-- The input follows --

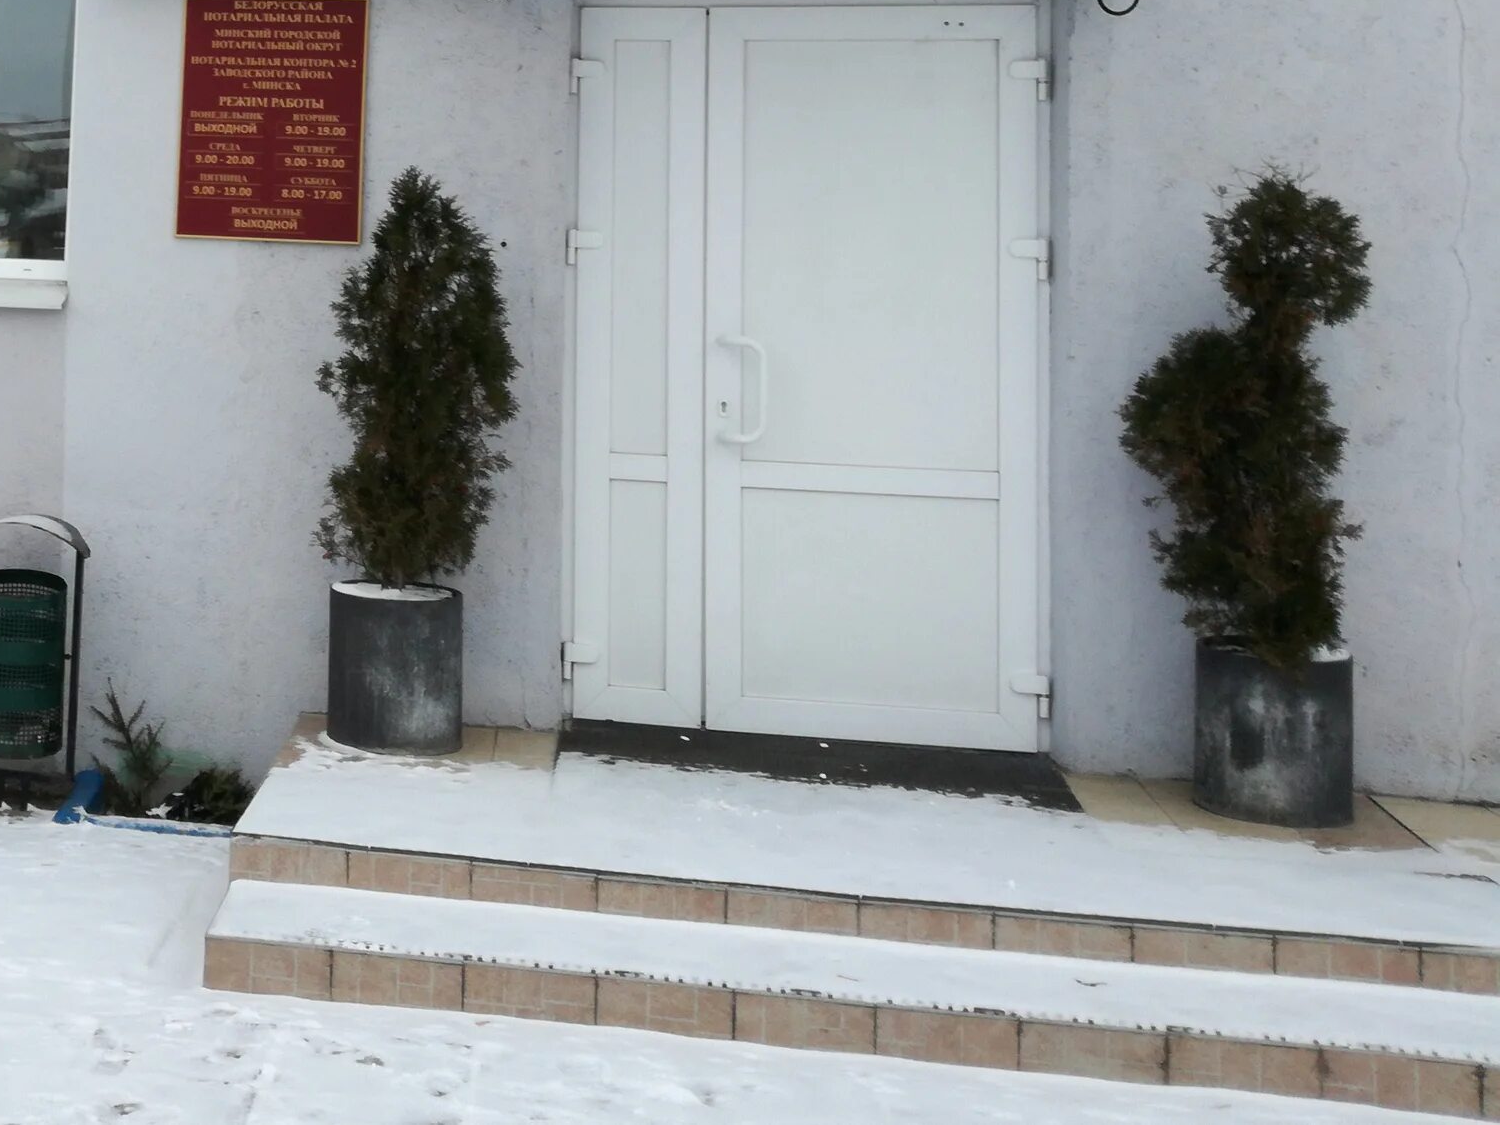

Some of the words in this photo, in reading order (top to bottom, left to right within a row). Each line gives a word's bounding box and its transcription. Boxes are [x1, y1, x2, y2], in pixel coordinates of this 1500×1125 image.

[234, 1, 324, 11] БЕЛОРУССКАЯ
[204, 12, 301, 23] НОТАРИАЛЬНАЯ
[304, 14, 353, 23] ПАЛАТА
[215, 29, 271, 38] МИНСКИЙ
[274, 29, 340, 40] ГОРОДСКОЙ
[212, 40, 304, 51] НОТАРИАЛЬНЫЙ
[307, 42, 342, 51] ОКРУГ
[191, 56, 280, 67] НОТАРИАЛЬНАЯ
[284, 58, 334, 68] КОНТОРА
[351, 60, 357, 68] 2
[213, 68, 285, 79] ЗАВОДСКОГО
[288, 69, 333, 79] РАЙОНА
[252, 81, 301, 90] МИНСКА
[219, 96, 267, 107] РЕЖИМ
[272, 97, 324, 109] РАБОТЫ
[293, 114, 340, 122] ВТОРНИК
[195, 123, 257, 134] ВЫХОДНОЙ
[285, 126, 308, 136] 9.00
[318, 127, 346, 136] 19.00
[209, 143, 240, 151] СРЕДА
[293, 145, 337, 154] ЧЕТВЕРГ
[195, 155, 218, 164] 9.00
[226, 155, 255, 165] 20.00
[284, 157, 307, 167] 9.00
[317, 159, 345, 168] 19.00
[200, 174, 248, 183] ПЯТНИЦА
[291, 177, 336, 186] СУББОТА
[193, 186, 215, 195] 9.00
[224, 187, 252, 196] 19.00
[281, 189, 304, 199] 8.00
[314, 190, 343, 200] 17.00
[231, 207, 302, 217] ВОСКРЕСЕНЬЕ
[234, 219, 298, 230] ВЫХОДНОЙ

-- The input concluded --

## To do
Set down the entries above exactly, and keep every picture out of your copy.

## Written response
Some of the words in this photo, in reading order (top to bottom, left to right within a row). Each line gives a word's bounding box and its transcription. Boxes are [x1, y1, x2, y2], in pixel coordinates of this 1500×1125 image.

[234, 1, 324, 11] БЕЛОРУССКАЯ
[204, 12, 301, 23] НОТАРИАЛЬНАЯ
[304, 14, 353, 23] ПАЛАТА
[215, 29, 271, 38] МИНСКИЙ
[274, 29, 340, 40] ГОРОДСКОЙ
[212, 40, 304, 51] НОТАРИАЛЬНЫЙ
[307, 42, 342, 51] ОКРУГ
[191, 56, 280, 67] НОТАРИАЛЬНАЯ
[284, 58, 334, 68] КОНТОРА
[351, 60, 357, 68] 2
[213, 68, 285, 79] ЗАВОДСКОГО
[288, 69, 333, 79] РАЙОНА
[252, 81, 301, 90] МИНСКА
[219, 96, 267, 107] РЕЖИМ
[272, 97, 324, 109] РАБОТЫ
[293, 114, 340, 122] ВТОРНИК
[195, 123, 257, 134] ВЫХОДНОЙ
[285, 126, 308, 136] 9.00
[318, 127, 346, 136] 19.00
[209, 143, 240, 151] СРЕДА
[293, 145, 337, 154] ЧЕТВЕРГ
[195, 155, 218, 164] 9.00
[226, 155, 255, 165] 20.00
[284, 157, 307, 167] 9.00
[317, 159, 345, 168] 19.00
[200, 174, 248, 183] ПЯТНИЦА
[291, 177, 336, 186] СУББОТА
[193, 186, 215, 195] 9.00
[224, 187, 252, 196] 19.00
[281, 189, 304, 199] 8.00
[314, 190, 343, 200] 17.00
[231, 207, 302, 217] ВОСКРЕСЕНЬЕ
[234, 219, 298, 230] ВЫХОДНОЙ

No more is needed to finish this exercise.